Эта сцена ясно говорит нам, что девушка была соплеменницей русов, одной с ними веры. Ее видение загробного мира не имеет никаких аналогов у скандинавов, но вполне укладывается в языческие представления славян. Хорошо подготовленная десятидневной тризной, девушка «видит» загробный мир, где счастливо обитают все ее умершие родственники и где в прекрасном саду ее ждет любимый мужчина. Какой контраст с Вальгаллой для избранных скандинавских героев, где не было места ни их родным, ни их женам, ни их любимым, а «обслуживание» осуществляли немногочисленные валькирии!
На самом деле я уверен, что эта мифология отщепенцев, социальных изгоев, неполна. Она просто вытеснила из источников и основанных на них трудов ученых представления нормальных скандинавов, рыбаков и земледельцев, которых ведь тоже хоронили с небольшим набором предметов быта, очевидно, надеясь не только на Вальгаллу знаменитых воинов. И украшения, которые скандинавы, как славяне и русы, почти все отдавали женщинам, свидетельствуют, что им не чужда была любовь, а значит, надежда на встречу в каком-то ином загробном мире, о котором мы, к несчастью, не знаем. Но вернемся к рассказу араба.

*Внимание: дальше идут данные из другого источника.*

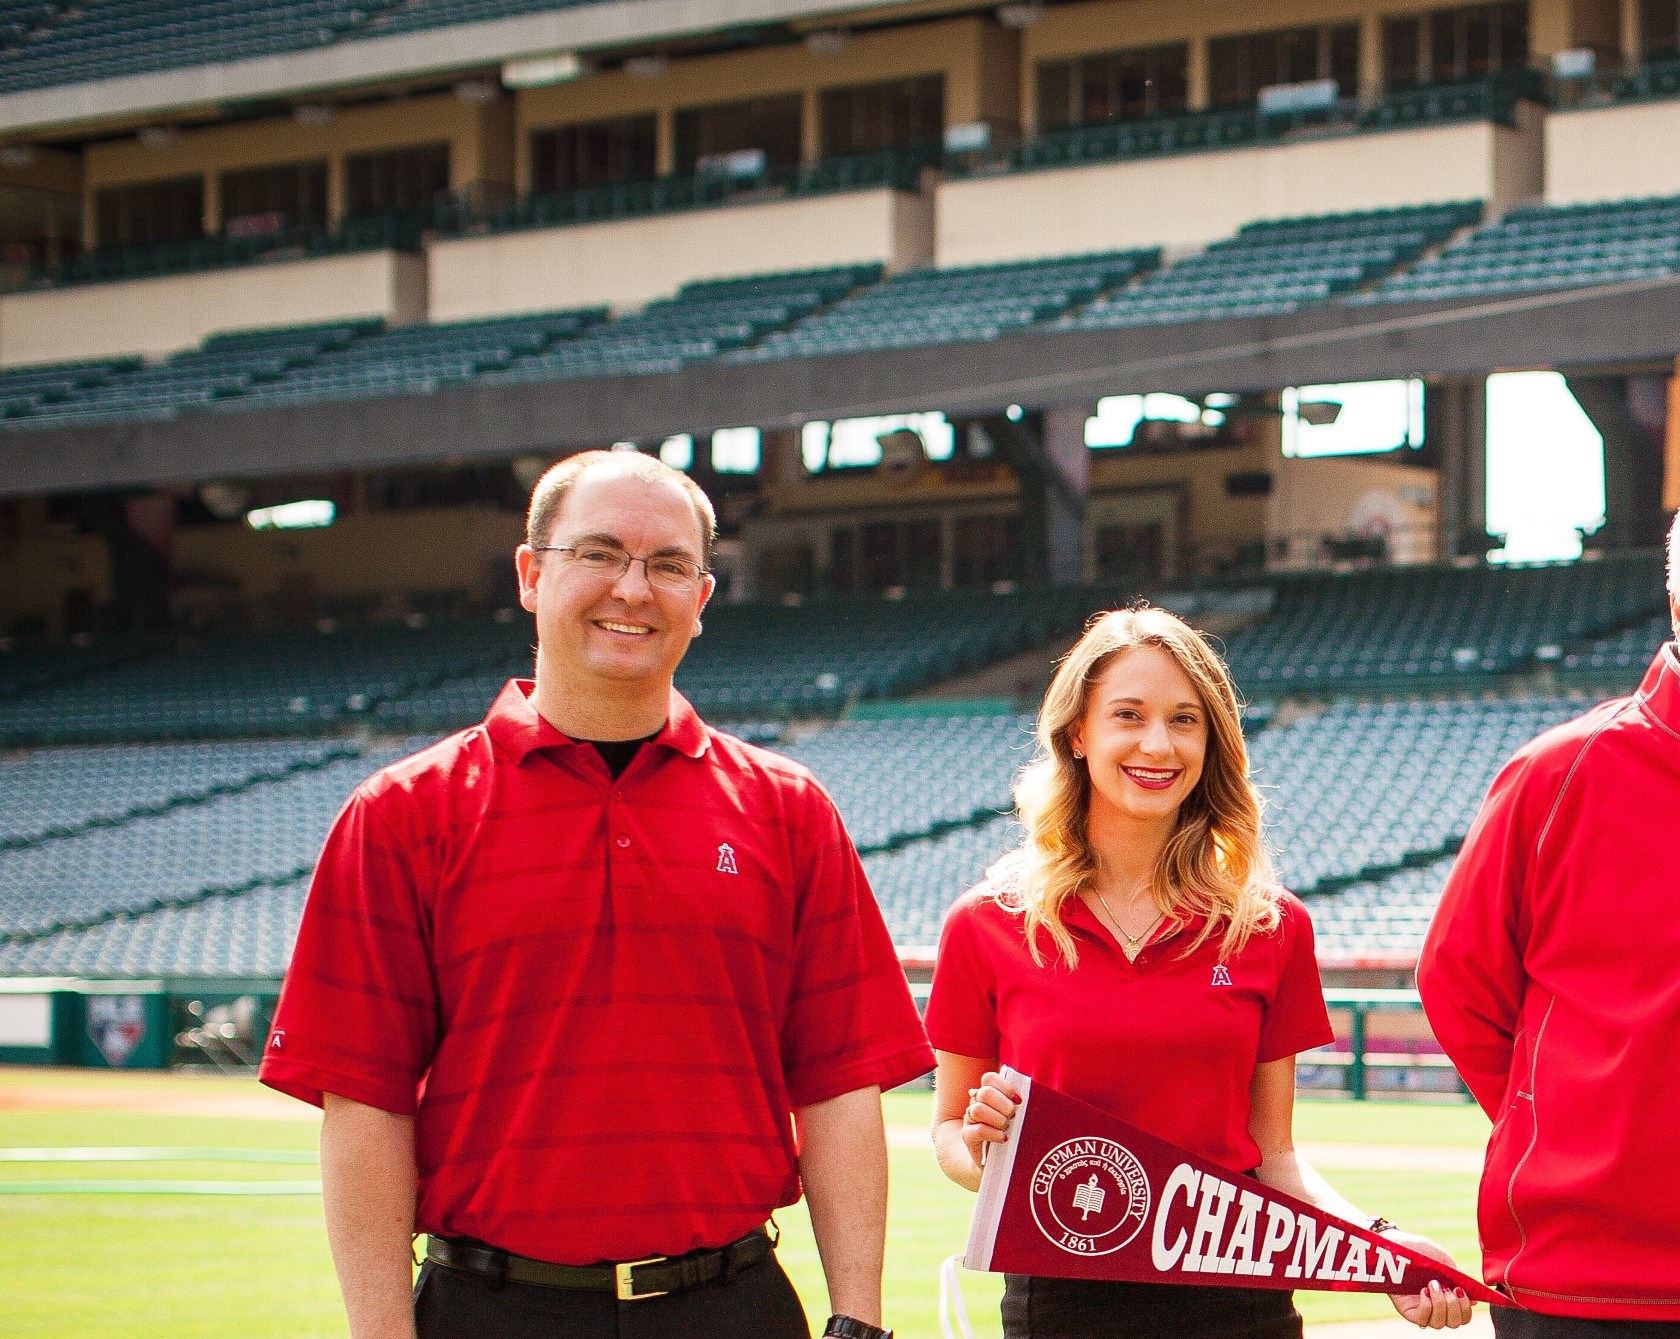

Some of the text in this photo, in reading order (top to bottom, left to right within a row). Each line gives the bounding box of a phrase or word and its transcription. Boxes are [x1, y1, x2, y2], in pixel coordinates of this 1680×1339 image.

[1034, 1141, 1146, 1221] CHAPMAN UNIVERSITY
[1059, 1232, 1096, 1251] 1861
[1151, 1163, 1411, 1284] CHAPMAN
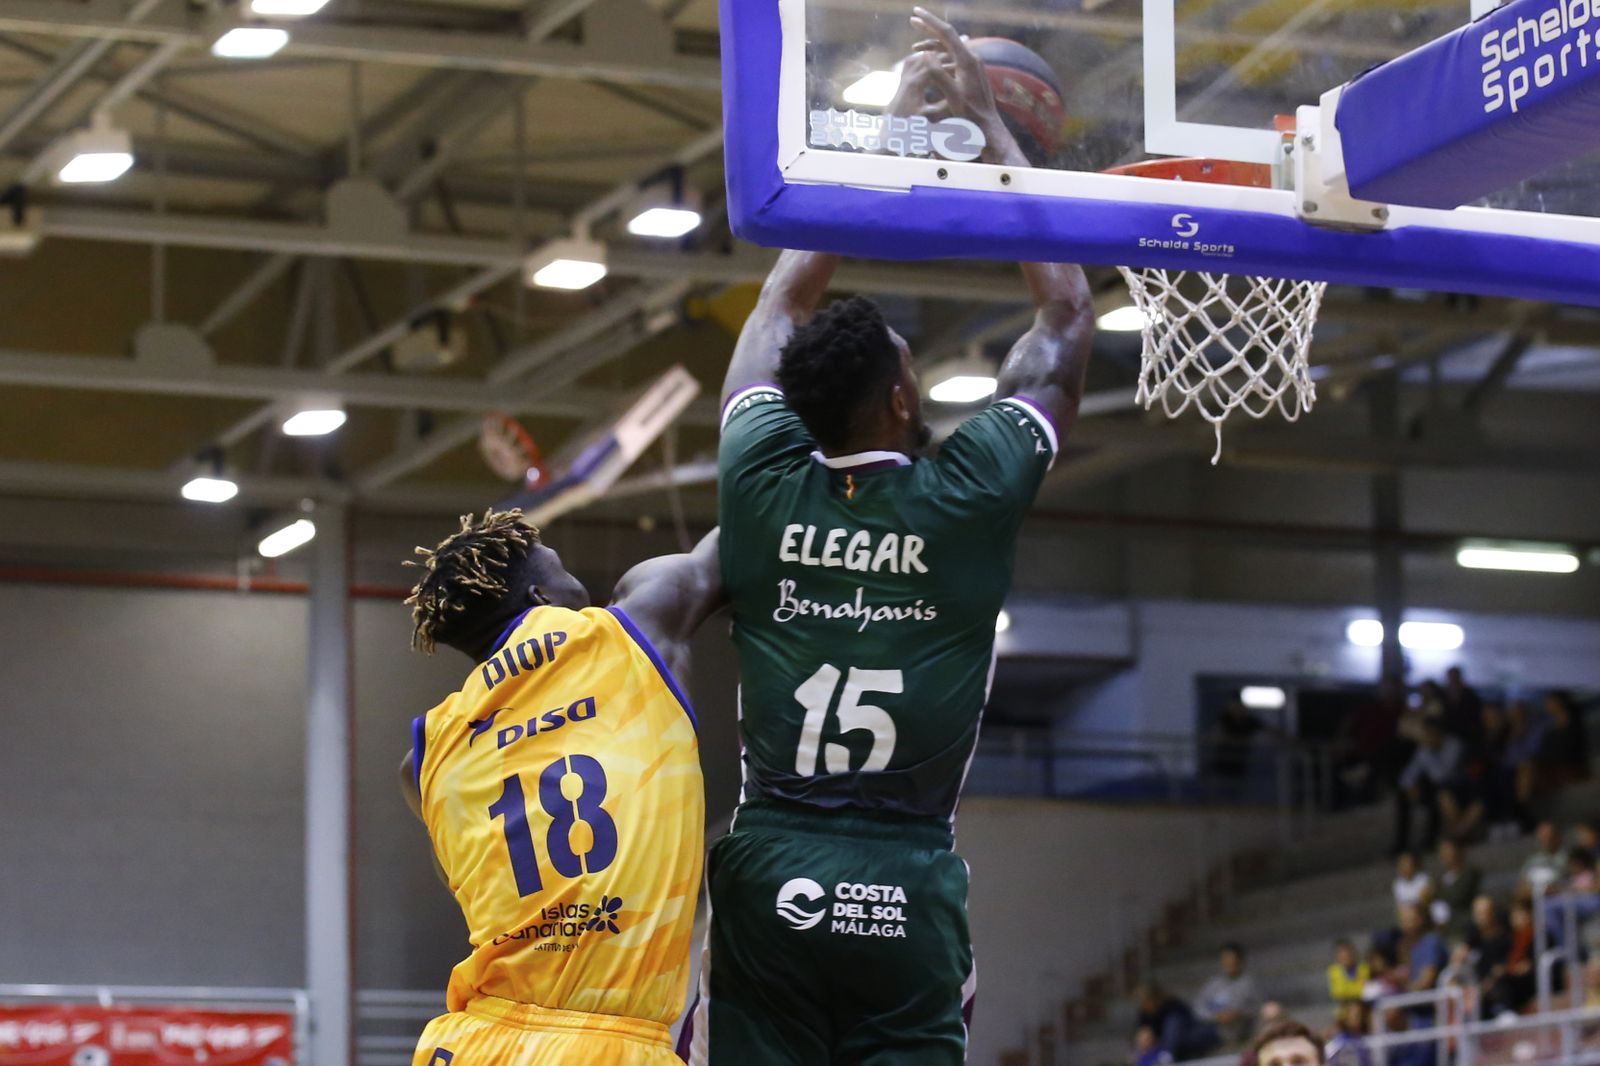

«И они прошли с ней в направлении к кораблю. И вот, она сняла два браслета, бывших на ней, и дала их оба той женщине, которая называется ангел смерти, а она та, которая убивает ее. И она сняла два ножных кольца, бывших на ней, и дала их оба тем двум девушкам, которые обе служили ей, а они обе дочери женщины, известной под именем ангела смерти. Потом ее подняли на корабль, но не ввели ее в палатку, и пришли мужи, (неся) с собой щиты и деревяшки, и подали ей кубком набид, и вот она пела над ним и выпила его. Переводчик же сказал мне, что она прощается этим со своими подругами. Потом дан был ей другой кубок, и она взяла его и затянула песню, причем старуха побуждала ее к питью его и чтобы войти в палатку, в которой ее господин.
И вот я увидел, что она уже заколебалась и хотела войти в палатку, но всунула свою голову между ней и кораблем, старуха же схватила ее голову и всунула ее в палатку и вошла вместе с ней. А мужи начали ударять деревяшками по щитам, чтобы не был слышен звук ее крика, причем взволновались бы другие девушки, и перестали бы искать смерти вместе со своими господами. Потом вошли в палатку шесть мужей и совокупились все с девушкой. Потом положили ее на бок рядом с ее господином и двое схватили обе ее ноги, двое обе ее руки, и наложила старуха, называемая ангелом смерти, ей вокруг шеи веревку, расходящуюся в противоположные стороны, и дала ее двум (мужам), чтобы они оба тянули ее. И она подошла, держа кинжал с широким лезвием, и вот начала втыкать его между ее ребрами и вынимать его, в то время, как оба мужа душили ее веревкой, пока она не умерла.
Потом подошел ближайший родственник мертвеца, взял деревяшку и зажег ее у огня, потом пошел задом, затылком к кораблю, а лицом своим (в рукописи пропуск. А.Б.) зажженная деревяшка в одной его руке, а другая его рука на заднем проходе, (он) будучи голым, пока не зажег сложенного дерева, бывшего под кораблем. Потом подошли люди с деревяшками и дровами, и с каждымдеревяшка, конец которой он перед тем воспламенил, чтобы бросить ее в эти куски дерева. И принимается огонь за дрова, потом за корабль, потом за палатку, и мужа, и девушку, и все, что в ней (находилось). Подул большой, ужасающий ветер, и усилилось пламя огня, и разгорелось неукротимое воспламенение его.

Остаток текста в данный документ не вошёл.